[DATA UNDER STUDY]:
/---
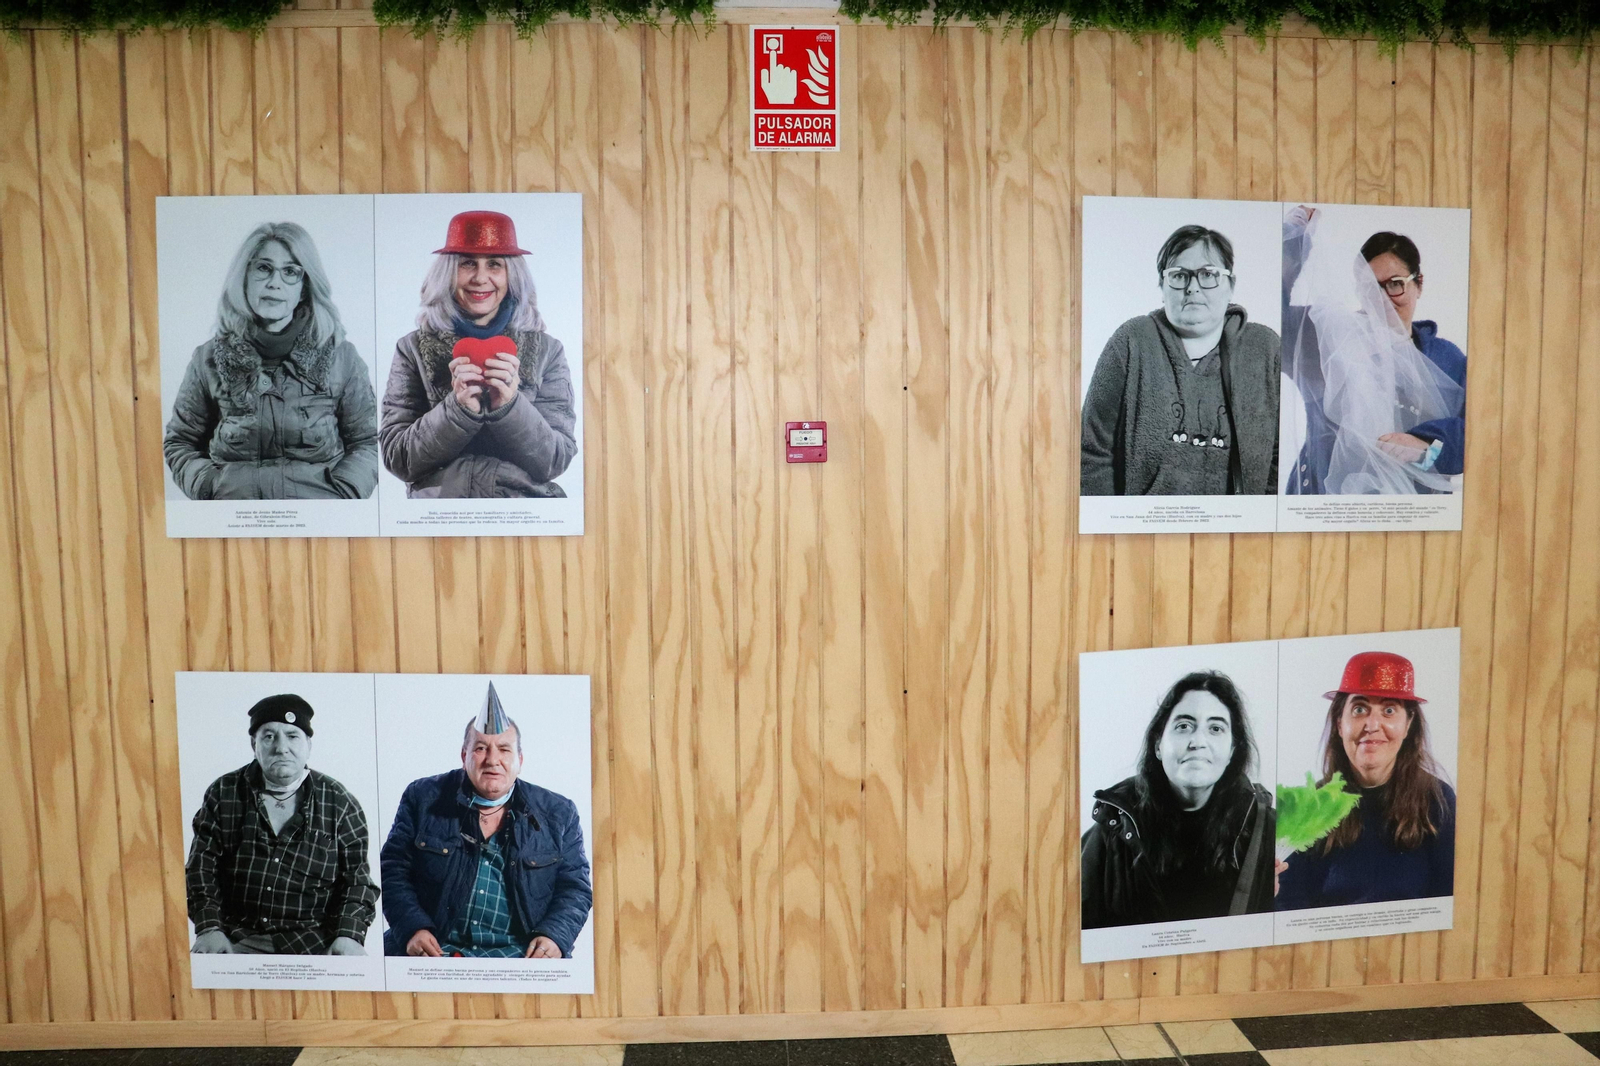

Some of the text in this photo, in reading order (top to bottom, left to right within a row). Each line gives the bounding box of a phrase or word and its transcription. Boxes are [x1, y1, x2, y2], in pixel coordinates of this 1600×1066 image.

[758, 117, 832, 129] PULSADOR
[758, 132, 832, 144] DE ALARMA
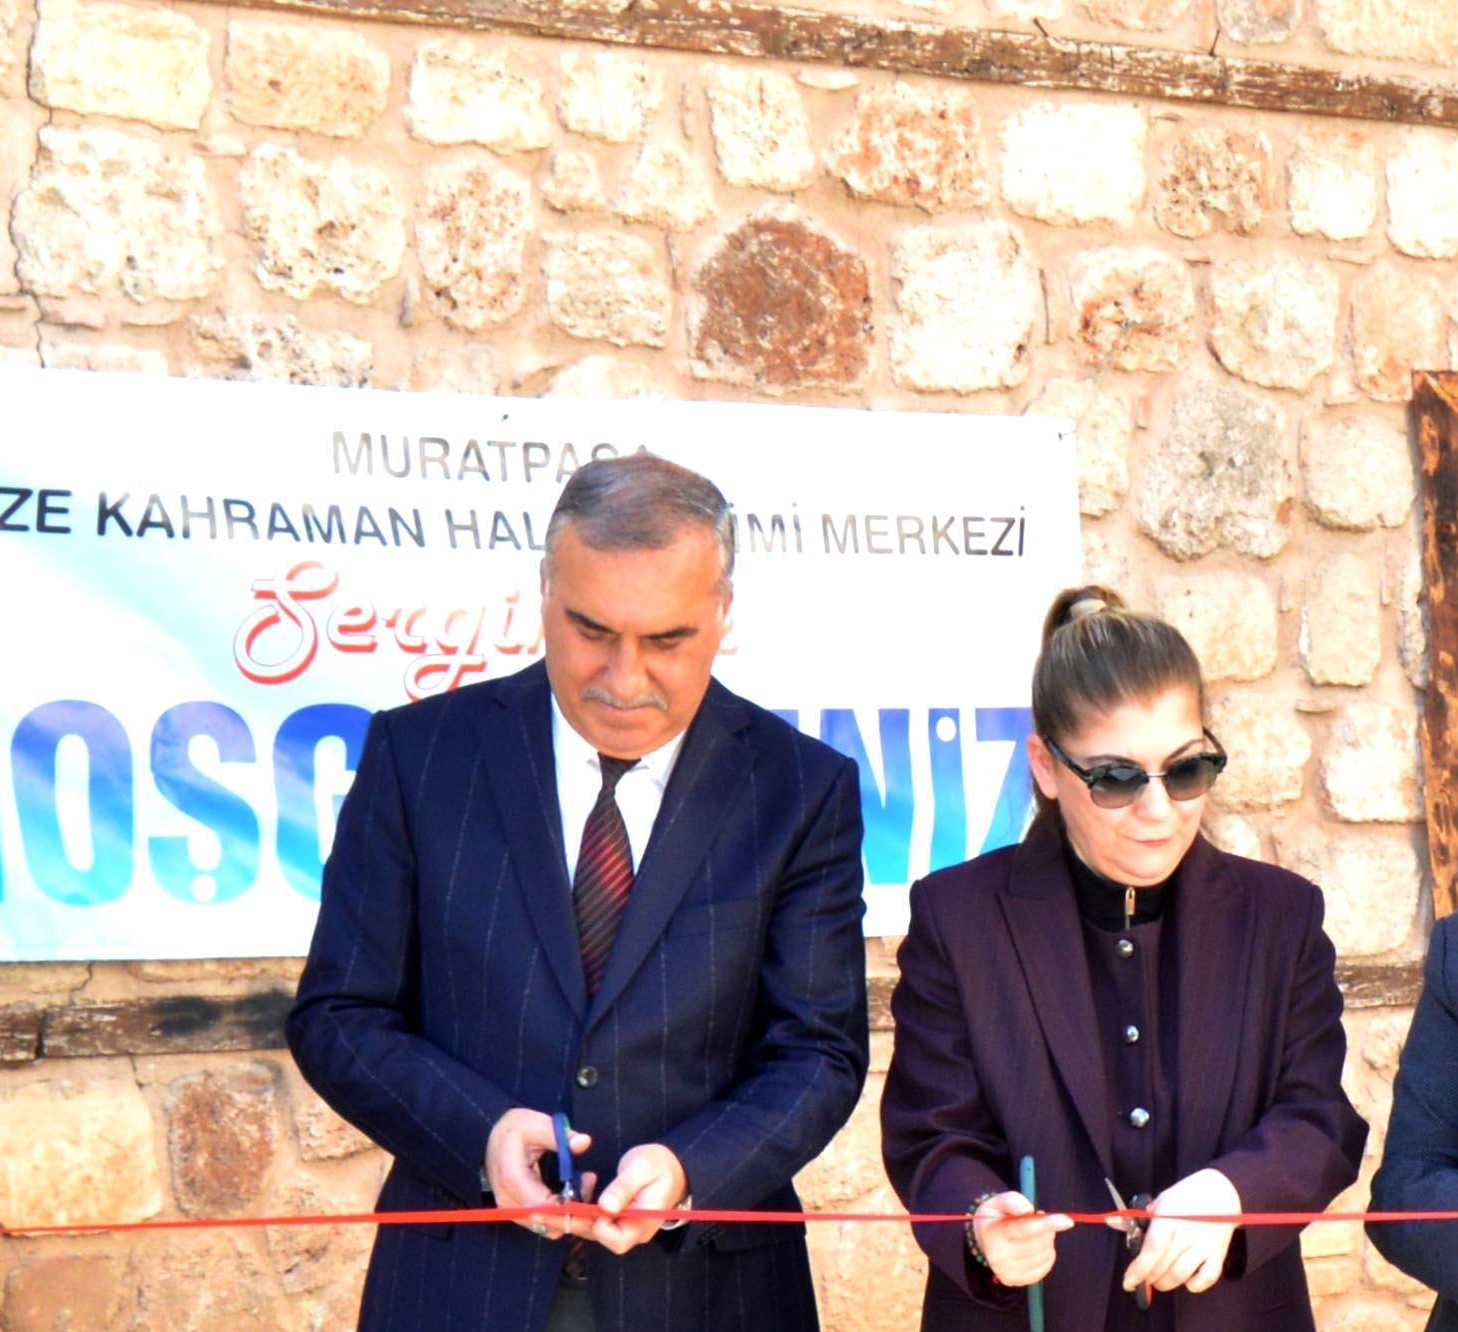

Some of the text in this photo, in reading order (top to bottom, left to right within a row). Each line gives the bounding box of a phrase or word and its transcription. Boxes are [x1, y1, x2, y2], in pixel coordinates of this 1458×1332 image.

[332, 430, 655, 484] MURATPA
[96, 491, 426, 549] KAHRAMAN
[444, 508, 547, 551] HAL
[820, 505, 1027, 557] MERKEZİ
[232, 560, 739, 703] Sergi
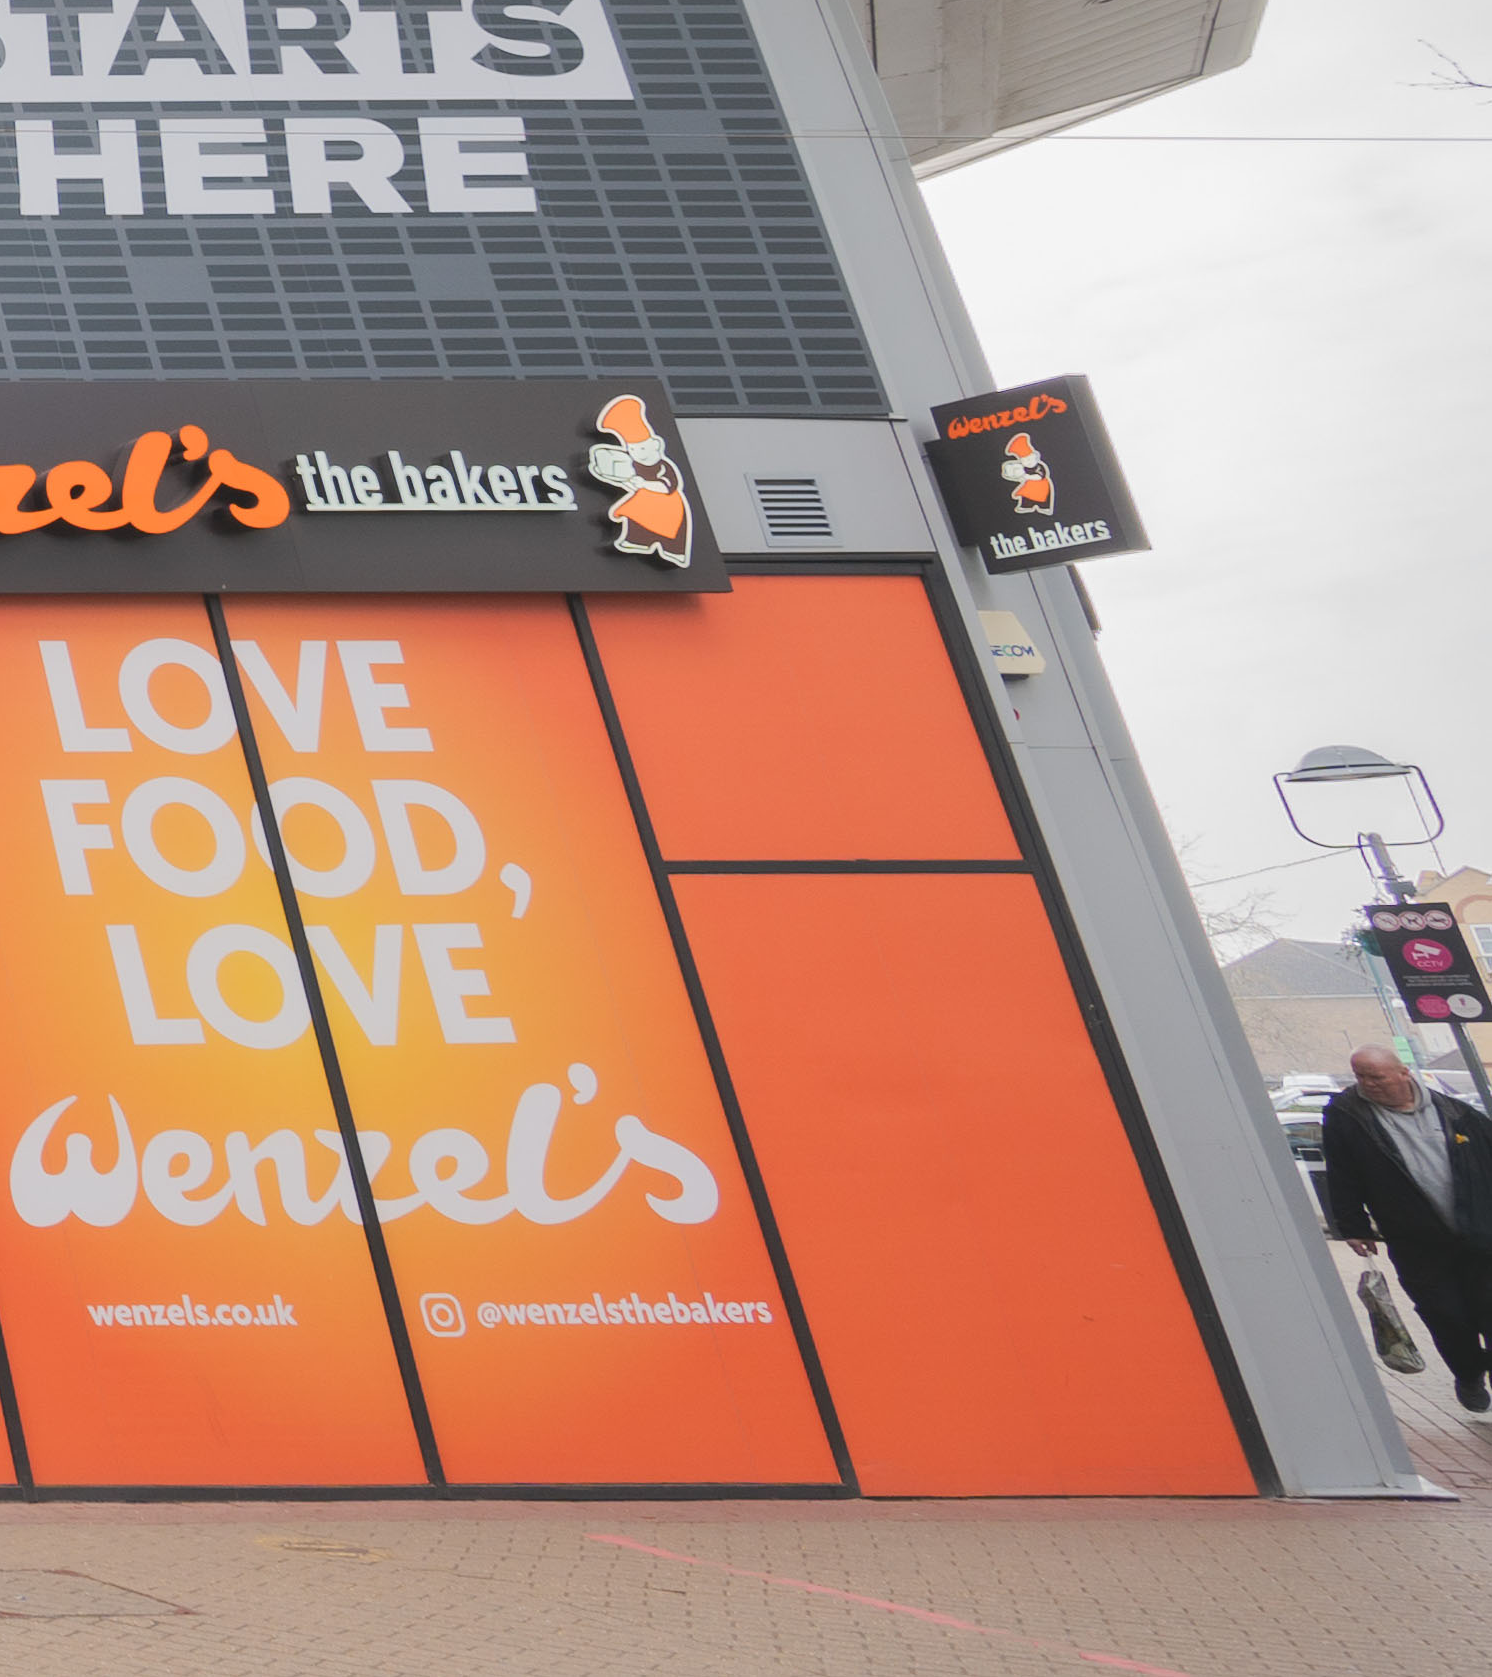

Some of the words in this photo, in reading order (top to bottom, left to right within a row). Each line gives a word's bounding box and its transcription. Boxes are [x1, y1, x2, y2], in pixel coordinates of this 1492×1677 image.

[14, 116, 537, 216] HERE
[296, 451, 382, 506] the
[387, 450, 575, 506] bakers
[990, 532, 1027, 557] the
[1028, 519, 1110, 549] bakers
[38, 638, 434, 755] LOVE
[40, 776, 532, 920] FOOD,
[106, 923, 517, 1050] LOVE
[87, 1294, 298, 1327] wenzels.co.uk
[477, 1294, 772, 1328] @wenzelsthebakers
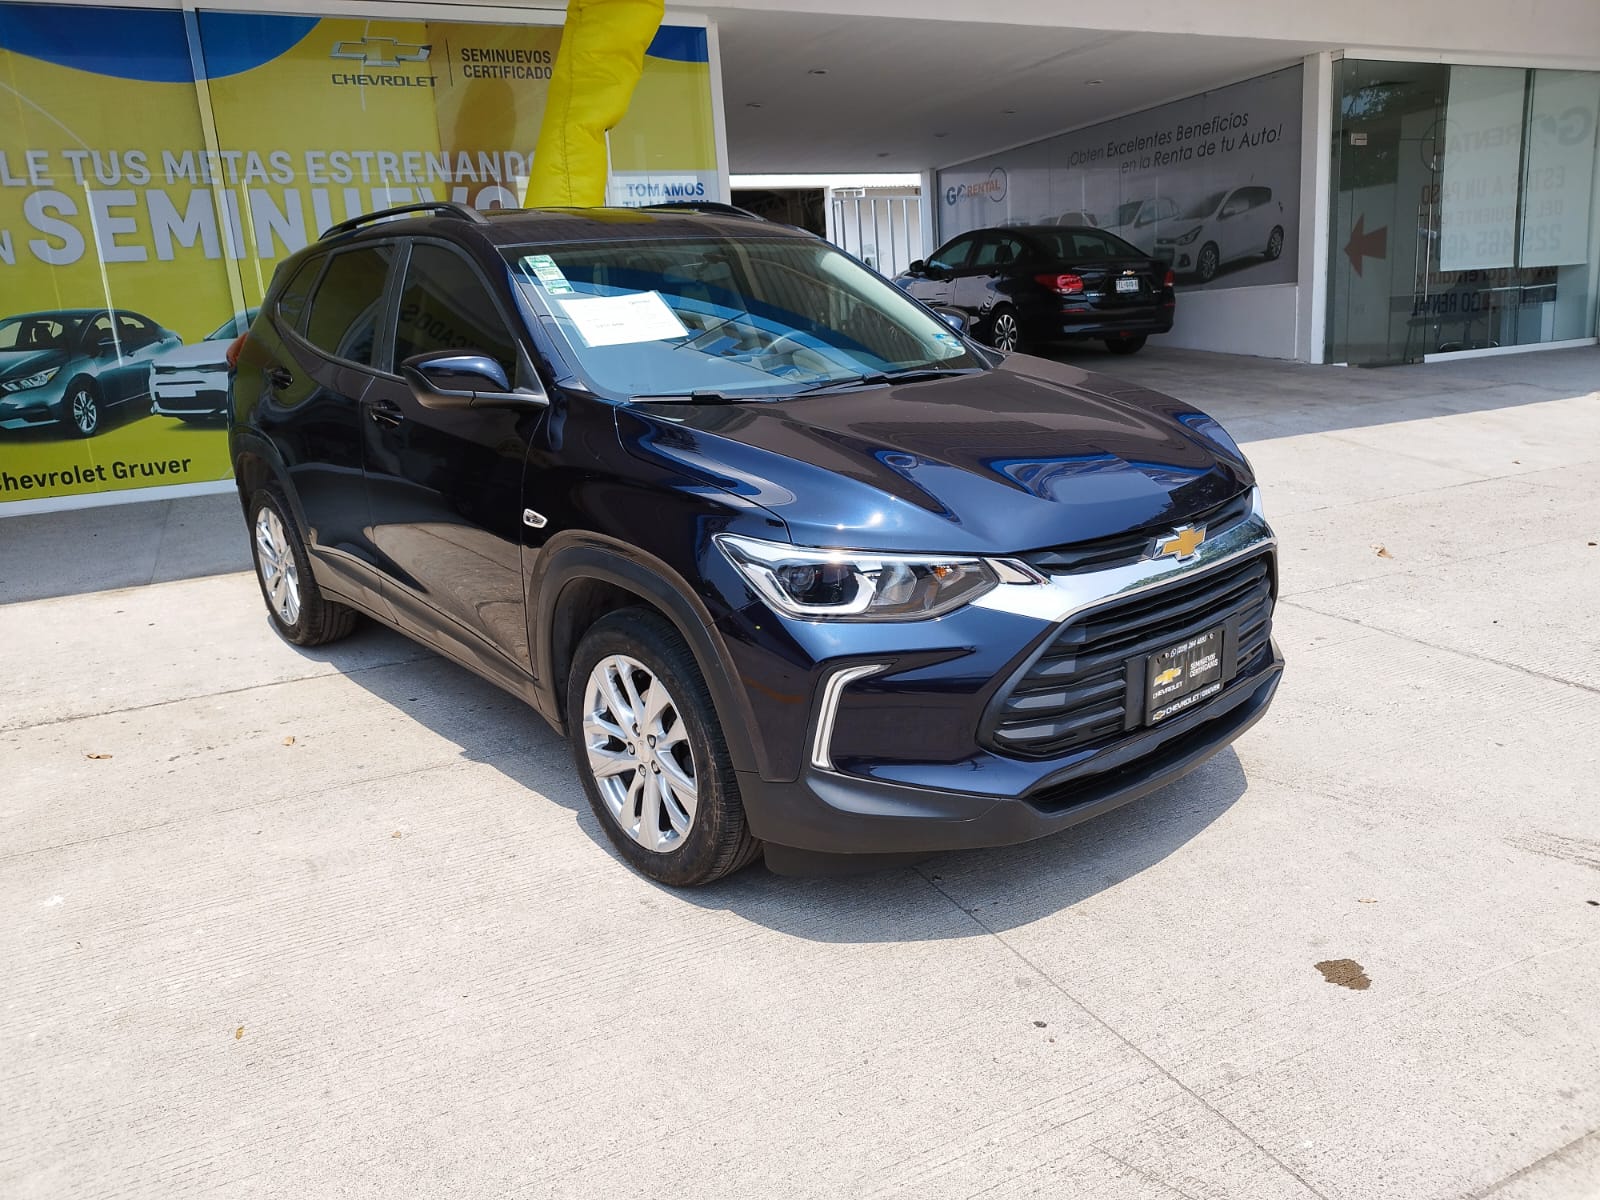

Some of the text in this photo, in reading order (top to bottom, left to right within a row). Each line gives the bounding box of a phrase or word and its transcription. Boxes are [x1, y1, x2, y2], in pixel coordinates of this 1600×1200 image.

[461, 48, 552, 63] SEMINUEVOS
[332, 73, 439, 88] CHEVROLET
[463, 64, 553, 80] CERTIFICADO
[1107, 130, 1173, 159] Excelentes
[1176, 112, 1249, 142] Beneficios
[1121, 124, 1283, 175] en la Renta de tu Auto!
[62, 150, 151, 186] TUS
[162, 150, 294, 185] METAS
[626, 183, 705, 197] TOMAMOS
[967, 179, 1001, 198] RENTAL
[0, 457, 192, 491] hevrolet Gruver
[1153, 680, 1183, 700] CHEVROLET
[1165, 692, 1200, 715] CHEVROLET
\---
[WHAT YOU WILL DO]: Copy out exactly the lines running from the line with "this 1600×1200 image." to the end of the records, inclusive.

[YOUR SOLUTION]:
Some of the text in this photo, in reading order (top to bottom, left to right within a row). Each line gives the bounding box of a phrase or word and its transcription. Boxes are [x1, y1, x2, y2], in pixel coordinates of this 1600×1200 image.

[461, 48, 552, 63] SEMINUEVOS
[332, 73, 439, 88] CHEVROLET
[463, 64, 553, 80] CERTIFICADO
[1107, 130, 1173, 159] Excelentes
[1176, 112, 1249, 142] Beneficios
[1121, 124, 1283, 175] en la Renta de tu Auto!
[62, 150, 151, 186] TUS
[162, 150, 294, 185] METAS
[626, 183, 705, 197] TOMAMOS
[967, 179, 1001, 198] RENTAL
[0, 457, 192, 491] hevrolet Gruver
[1153, 680, 1183, 700] CHEVROLET
[1165, 692, 1200, 715] CHEVROLET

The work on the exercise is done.